# Tübingen Tiling

A systematic way to generate quasiperiodic tilings of the plane is to take a lattice in higher dimensions and slice it at a funny angle.  Greg Egan’s Tübingen applet generates quasiperiodic tilings by projecting selected triangles from an $n$-dimensional lattice called the $\mathrm{A}_n$ lattice onto a plane. This particular picture comes from the $\mathrm{A}_4$ lattice. The applet produces moving pictures that are much more beautiful than this still image, so please check it out!

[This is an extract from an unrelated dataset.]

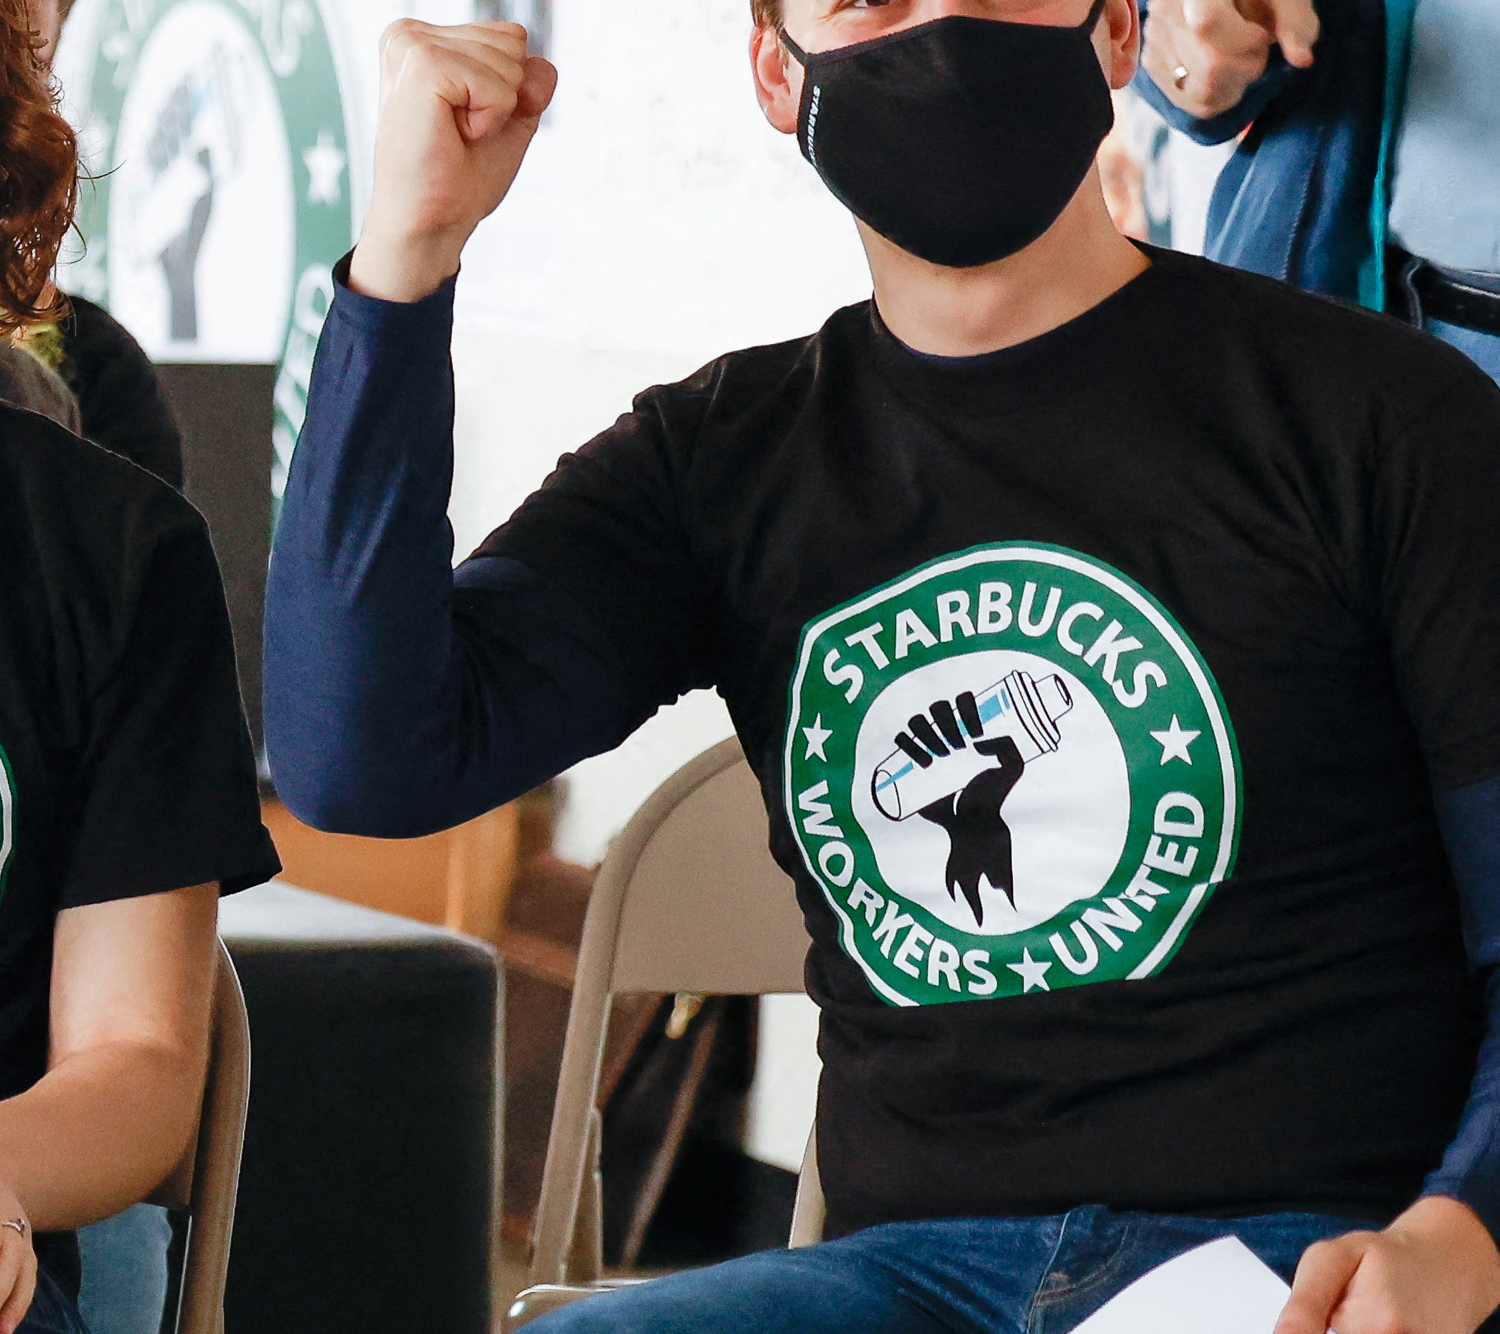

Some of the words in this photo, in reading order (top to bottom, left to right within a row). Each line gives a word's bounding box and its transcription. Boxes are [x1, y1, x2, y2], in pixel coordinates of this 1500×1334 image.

The $\mathrm{A}_n$ lattice lives in $n$ dimensions, but it’s easiest to describe it in one more dimension, as the set of all $(n+1)$-tuples of integers $(x_1,…,x_{n+1})$ such that

$$x_1 + \cdots + x_{n+1} = 0.$$

It’s a fun exercise to show that $\mathrm{A}_2$ is a 2-dimensional hexagonal lattice, the sort of lattice you use to pack pennies as densely as possible. Similarly, $\mathrm{A}_3$ gives a standard way of packing grapefruit, which is in fact the densest lattice packing of spheres in 3 dimensions. If you were stacking layers of 4-dimensional grapefruit you could use the $\mathrm{A}_4$ lattice, though that would not be the densest possible packing.

Let me rapidly sketch how we get from the $\mathrm{A}_4$ lattice to the beautiful tiling shown here.

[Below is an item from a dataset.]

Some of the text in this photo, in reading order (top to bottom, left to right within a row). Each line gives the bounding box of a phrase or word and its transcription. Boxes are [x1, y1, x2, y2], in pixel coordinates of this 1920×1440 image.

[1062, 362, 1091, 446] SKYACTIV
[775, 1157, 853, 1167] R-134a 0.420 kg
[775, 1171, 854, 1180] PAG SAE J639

Each point $x$ in the $\mathrm{A}_4$ lattice is surrounded by a Voronoi cell, which consists of all points that are closer to $x$ than to any other lattice point. The Voronoi cells of $\mathrm{A}_4$ are all identical convex polytopes—can you figure out what this polytope is?

The cells dual to these Voronoi cells are called Delaunay cells. To get the tiling we pick a plane $P$ in 4 dimensions, and whenever $P$ intersects a 2-dimensional face of a Voronoi cell, we project the corresponding 2d face of the corresponding Delaunay cell, which is a triangle, onto $P$. Then we draw these triangles on the plane!